> _Records_:
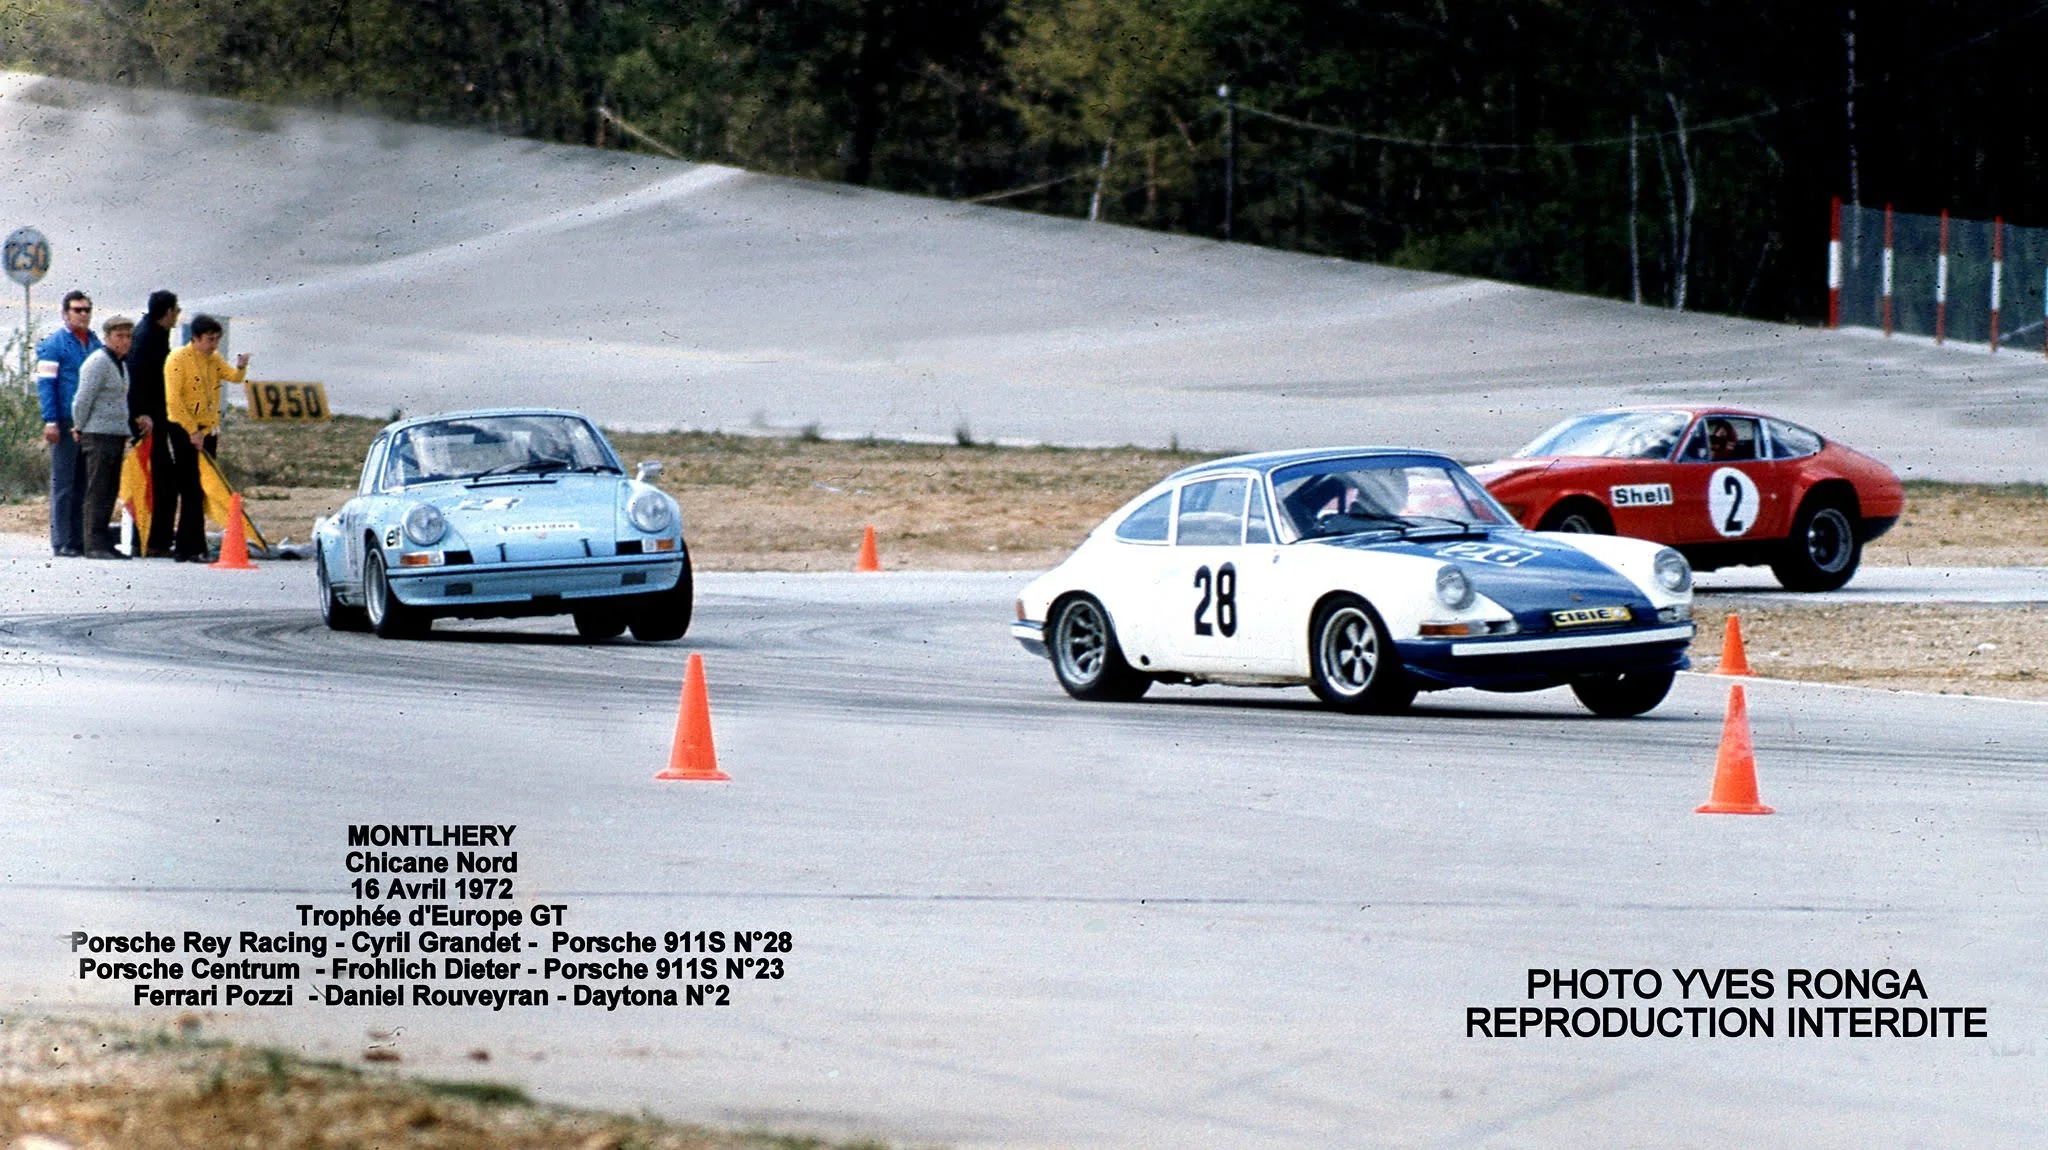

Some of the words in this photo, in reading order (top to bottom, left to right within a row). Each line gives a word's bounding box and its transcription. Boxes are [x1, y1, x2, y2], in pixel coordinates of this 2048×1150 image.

[251, 384, 322, 417] 1250
[1614, 486, 1671, 504] Shell
[1724, 475, 1743, 532] 2
[1193, 561, 1238, 638] 28

> _Assigned task_: Transcribe the material above in full. No picture is to be copied.

> _Solution_:
Some of the words in this photo, in reading order (top to bottom, left to right within a row). Each line gives a word's bounding box and its transcription. Boxes are [x1, y1, x2, y2], in pixel coordinates of this 2048×1150 image.

[251, 384, 322, 417] 1250
[1614, 486, 1671, 504] Shell
[1724, 475, 1743, 532] 2
[1193, 561, 1238, 638] 28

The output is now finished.